The importance of SWAP+C was supported by AFCOM’s 2015 State of the Data Center Survey results that revealed that administrators are looking for ways to enhance their data centers to accommodate increasing workloads. The naïve approach of adding expensive equipment and increasing the data center footprint is neither sustainable nor scalable, and this practice will quickly sink the ability to compete and remain profitable. Smarter, faster networking solutions are the key to running today’s applications and processing, providing the ability to analyze and utilize large data sets efficiently and effectively, without increasing data center footprint.

How SWAP+C affects infrastructure

In response to this demand, hyperscale products that offer the key SWAP+C advantages have been developed. Two examples are Open Compute Platform Ethernet switches and the Yosemite multi-host platform.

The Yosemite multi-host server is a truly unique platform and was showcased by Facebook at the Open Compute Project early this year. Yosemite leverages an adapter with multi-host capabilities so it is able to fit four separate 1P server cards into a 2 OU "sled," with each server having the ability to share up to 100 Gbps of network connectivity. In turn, three sleds can fit into the OCP rack, altogether squeezing 12 separate servers into a 2 OU rack height. The size, weight and power advantages of this platform are obvious, and the high volumes driven by the hyperscale customers of Open Compute Project technology drives costs down.

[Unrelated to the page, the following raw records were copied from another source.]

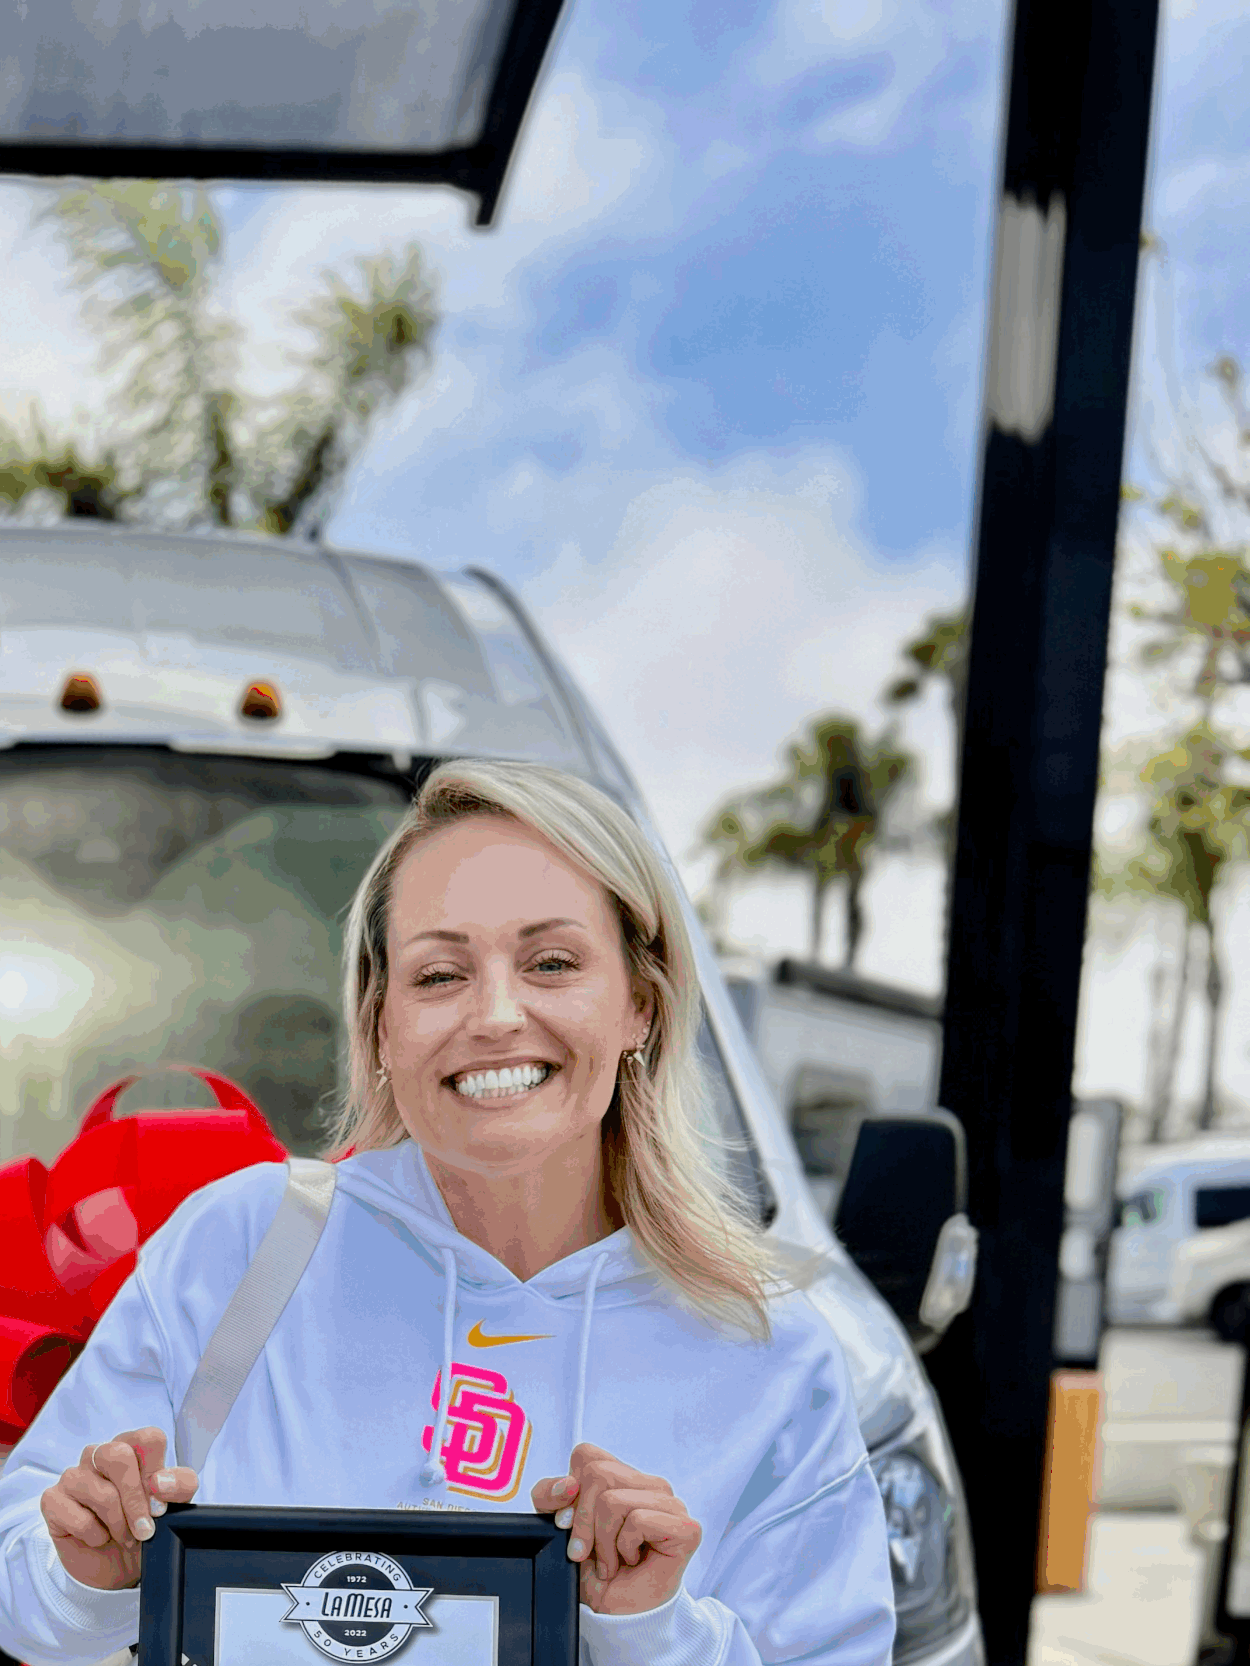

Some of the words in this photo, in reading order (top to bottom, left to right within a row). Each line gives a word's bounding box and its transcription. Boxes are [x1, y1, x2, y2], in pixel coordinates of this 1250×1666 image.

[314, 1552, 402, 1582] CELEBRATING
[346, 1575, 367, 1583] 1972
[344, 1629, 367, 1637] 2022
[313, 1630, 332, 1647] 50
[343, 1633, 399, 1658] YEARS
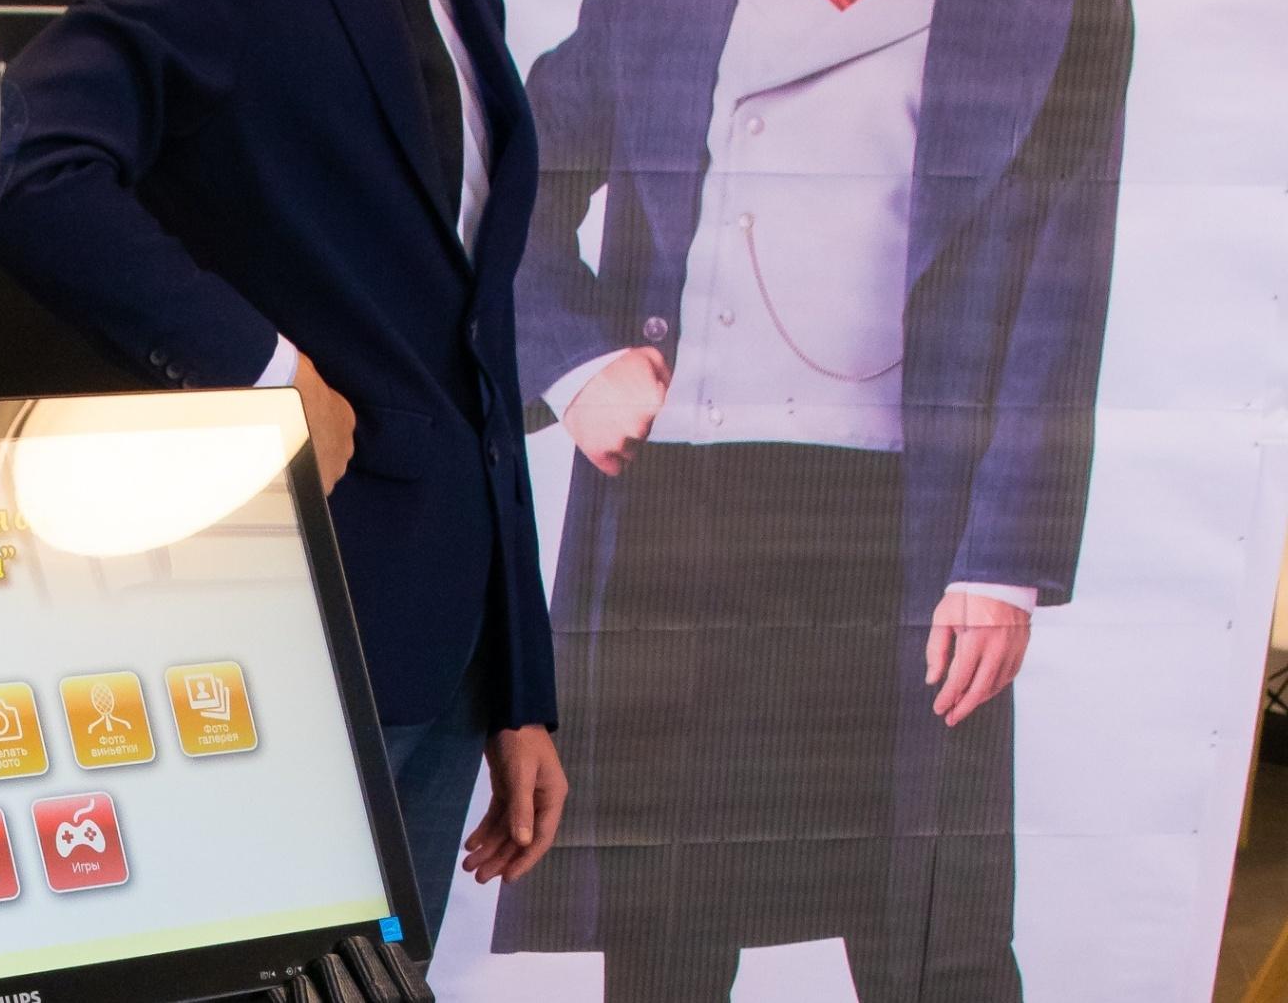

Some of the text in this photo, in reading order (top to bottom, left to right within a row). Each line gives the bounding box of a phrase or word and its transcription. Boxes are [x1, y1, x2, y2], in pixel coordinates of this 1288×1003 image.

[203, 723, 229, 734] Фото
[99, 734, 126, 745] Фото
[71, 861, 101, 875] Игры
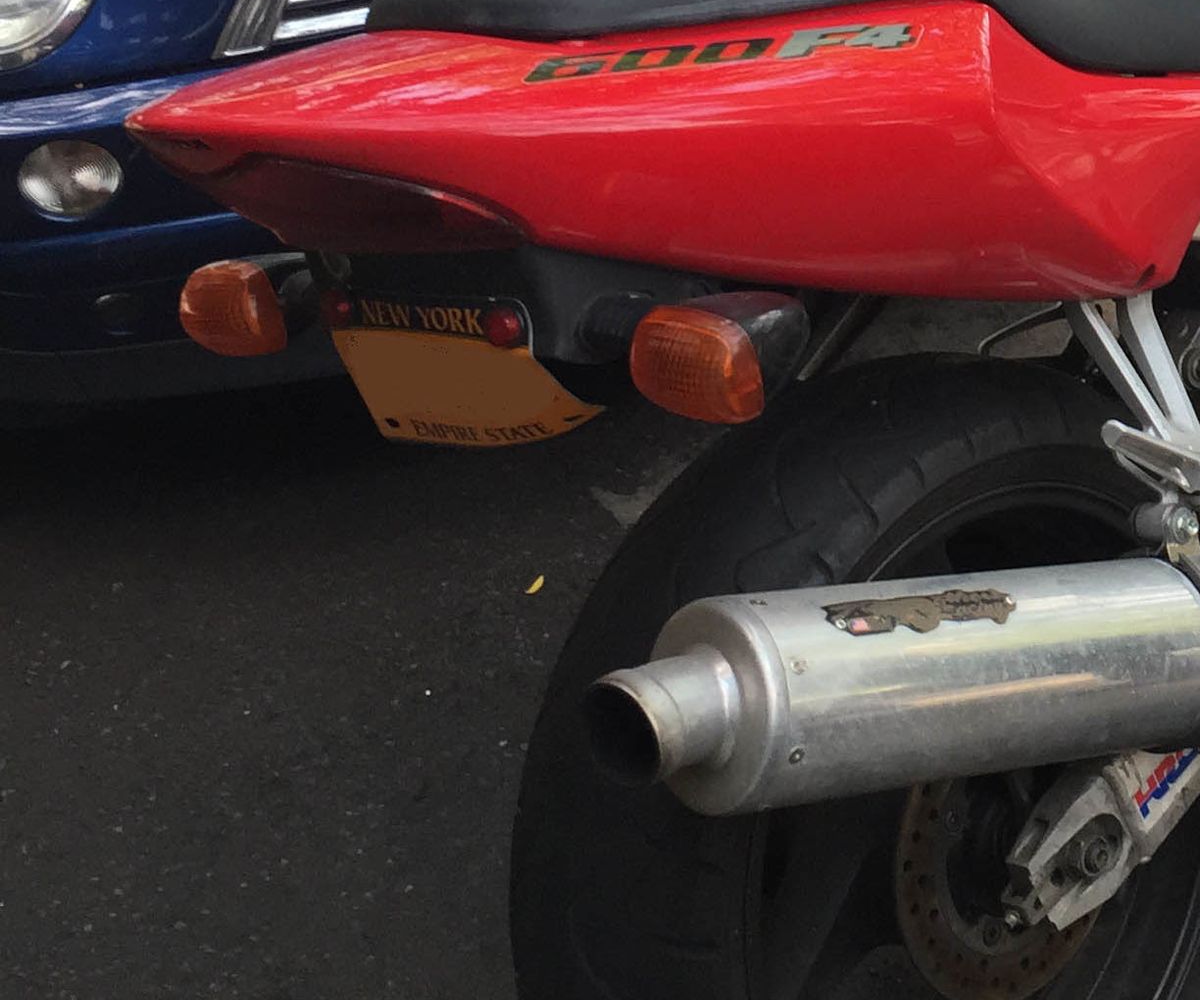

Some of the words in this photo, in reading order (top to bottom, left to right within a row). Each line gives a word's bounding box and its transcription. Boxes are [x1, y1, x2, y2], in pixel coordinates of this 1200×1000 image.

Both the OCP switch and server form-factor offer significant power and density advantages over traditional data center infrastructure. Oftentimes vendors focus on technical advantages such as latency, higher throughput, and zero packet loss. These are certainly important technical advantages, but they can actually mask the even more basic advantages of SWAP+C.

SWAP+C advantages are critically important to federal and military customers in embedded applications where power savings create tremendous logistical cost savings and can save lives of personnel. The Yosemite platform is yet to be broadly deployed, but will surely be adopted for embedded and military applications as well as those of cloud and web 2.0.

It's true that embedded applications are particularly sensitive to SWAP+C criteria, surely the broader enterprise data center market share these same concerns. For the enterprise CIO or private cloud manager, the focus has expanded from a simple capex investment analysis to a more comprehensive analysis that includes opex. When IT infrastructure is evaluated in that light, the attributes of size, weight, power, and cost all become part of the larger total cost of ownership analysis. IT organizations should ensure they evaluate the basic criteria, in addition to the bells and whistles.